Risks of Microsoft Remote Desktop access behind a secure VPN

Question

This is mostly for my own education, but a scenario has came up at work that has me skeptical. I'd like for the security experts to tell me if this policy is overbearing or not.

I remote into a VPN from my home PC, non-company issued. It installs Aventail onto the machine and destroys all cached data upon log off. It also does some sort of scanning via Sonicwall. My question is this: The VPN gives me full network access, which includes the ability to remote into my work PC. The company is now turning this off, citing a huge security risk. Is that really true? If someone already has my login to the VPN and it gives them full network access, isn't that already putting the company into DEFCON 1 mode? Is the whole RDP thing really a major additional risk after that? I'm not really seeing the reasoning behind it, but hopefully someone can shed some light on it.

Answer 1

It's strict, but I wouldn't say it's overbearing.

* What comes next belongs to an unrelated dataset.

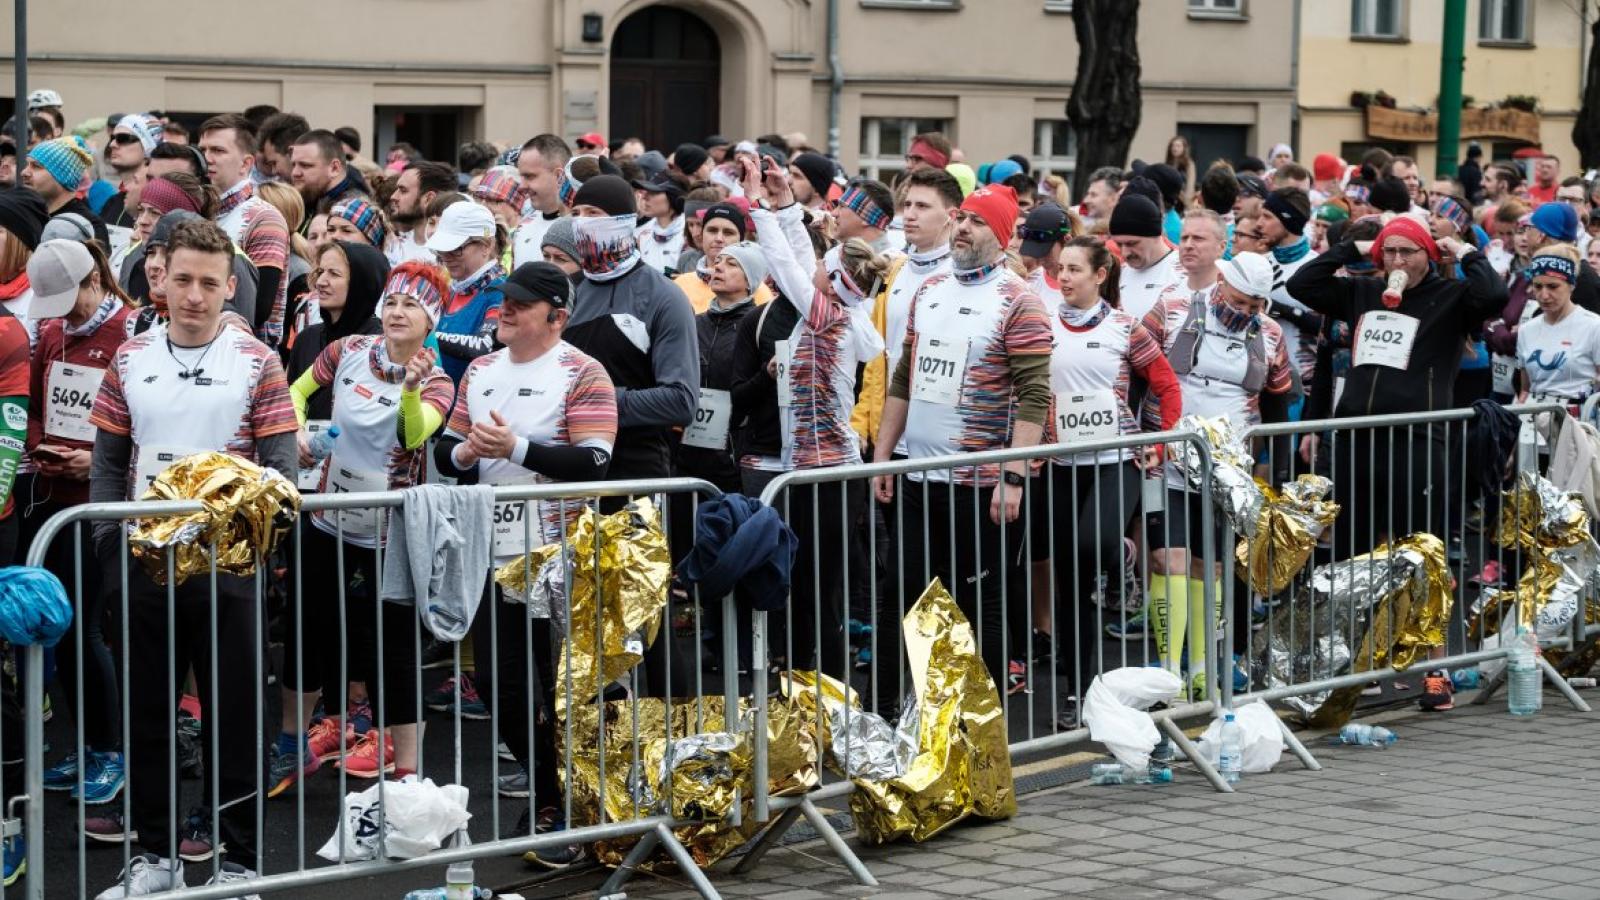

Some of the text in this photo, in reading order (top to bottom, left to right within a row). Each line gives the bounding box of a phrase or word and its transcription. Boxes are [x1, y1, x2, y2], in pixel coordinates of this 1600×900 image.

Let's say there are two ends of the pool, with corporate networks. On the shallow end it's wide open, with no internal firewalls between desktops and servers. You can go to any app, any server, any port, from anywhere. On the deep end, networks are segmented and access controls enforced. Only Finance can go to the Finance servers. Everybody can go to port 443 on the Wiki server, only the admin network can go to port 22. Things like that.

In all but the shallowest networks, remote access users are considered the least trusted. Any filters in place will be in place for them. The company doesn't have physical control over those systems, so they don't get the fullest set of access.

Allowing RDP to desktop users is a way of negating that control. Someone on an untrusted remote PC who can RDP to an internal desktop gains, in essence, trusted access. And that can be a big problem. I can remember how Xerox took themselves off the Internet for a week back in the mid-90s because someone broke into an engineer's home in order to sit in front of his PC which had ISDN access to the Xerox internal network. Took them a week to clean up, and they just shut off the pipes until it was clean.

Now, you'll argue, the fact that secondary credentials is necessary to RDP after you've VPNed is a compensating control. That's a true point. But the fact of the matter is, if ACLs of some sort are in place to limit access from VPN users, then RDP is a way to circumvent those limits. That's why you run into this sort of policy with some regularity.